Gov. Mark Sanford typically packed more than a dozen events into his daily schedule when he took office in 2003 -- sometimes jumping from meetings about tort reform, cutting state income taxes and saving Medicaid money to talks about companies bringing jobs to South Carolina and, then, posing for a quick photo with a Girl Scout troop or friend.
Sanford was a man on a mission: To change South Carolina.
A year later, Sanford still was on that mission, with an average of almost nine scheduled staff meetings a week as he sought to rally support for his vision of a smaller state government administered by a more powerful governor.
Then, critics say and the governor's own calendar shows, the Republican governor -- re-elected to a second term -- lost interest.
Blame frustration, as allies do.
Blame ambition, as critics do.
Blame an unengaged politician, as one high-ranking Democrat does.
Other aides to former South Carolina governors say Sanford's calendar shows a governor who had too little to do.
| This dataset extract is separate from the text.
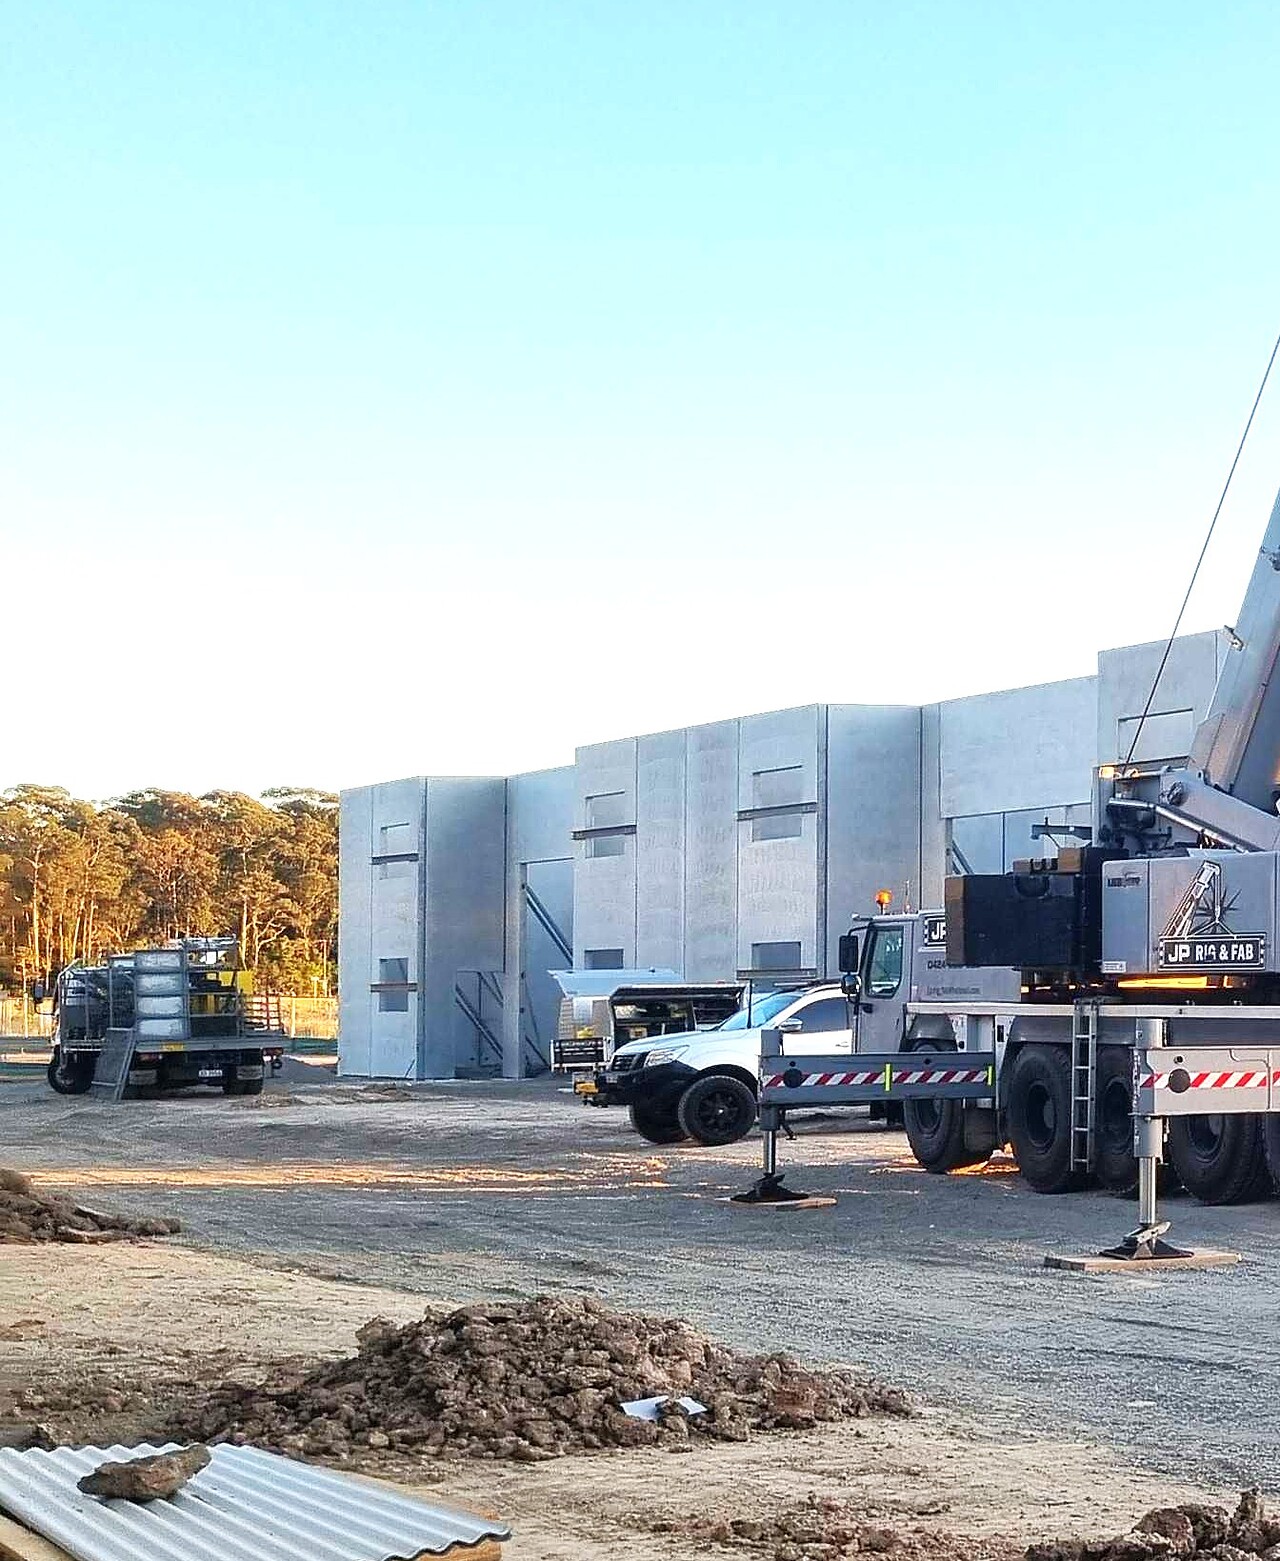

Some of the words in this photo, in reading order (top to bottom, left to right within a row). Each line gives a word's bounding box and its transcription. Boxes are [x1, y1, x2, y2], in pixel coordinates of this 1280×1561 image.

That loose scheduling allowed Sanford to disappear to the Argentine affair that has dominated state politics and government since June and still could lead to his removal from office.
The portrait that emerges from Sanford's calendar -- his office's official record of his activities -- is one of a clear second-term focus elsewhere, not on South Carolina.
By this year, staff meetings -- almost nine a week in 2004 -- had dwindled to just more than four a week, according to an analysis of Sanford's calendar by The State. Some of Sanford's public outreach, such as holding office hours in the far corners of the state, also had fallen by the wayside.
Instead, Sanford's second-term calendar has been dominated by media interviews -- about his opposition to the Obama administration's stimulus spending and his possible 2012 presidential ambitions.
At its fevered peak -- in March and April of this year -- Sanford had no state business but media interviews for eight days. Most weeks Sanford conducted more than a dozen interviews.
Today, Sanford's political career is in tatters, thanks to his affair and subsequent questions about his spending and use of state resources. Instead of running for president, the embattled governor -- the subject of a State Ethics Commission investigation and threatened with impeachment -- is battling to serve out the remaining 14 months of his final term.
What went wrong?
Sanford's calendar offers a window of insight.
Sanford declined an interview for this story. However, in a written statement, spokesman Ben Fox defended his boss.
Sanford had to spend more time on national political interviews, for example, in his second term, said Fox.
That was because Sanford had a national role as chairman of the Republican Governors Association -- a position he resigned in June, after admitting an extramarital affair with an Argentine woman.
Until then, Sanford was the "de facto spokesman in the nation representing opposition to the so-called stimulus," Fox said.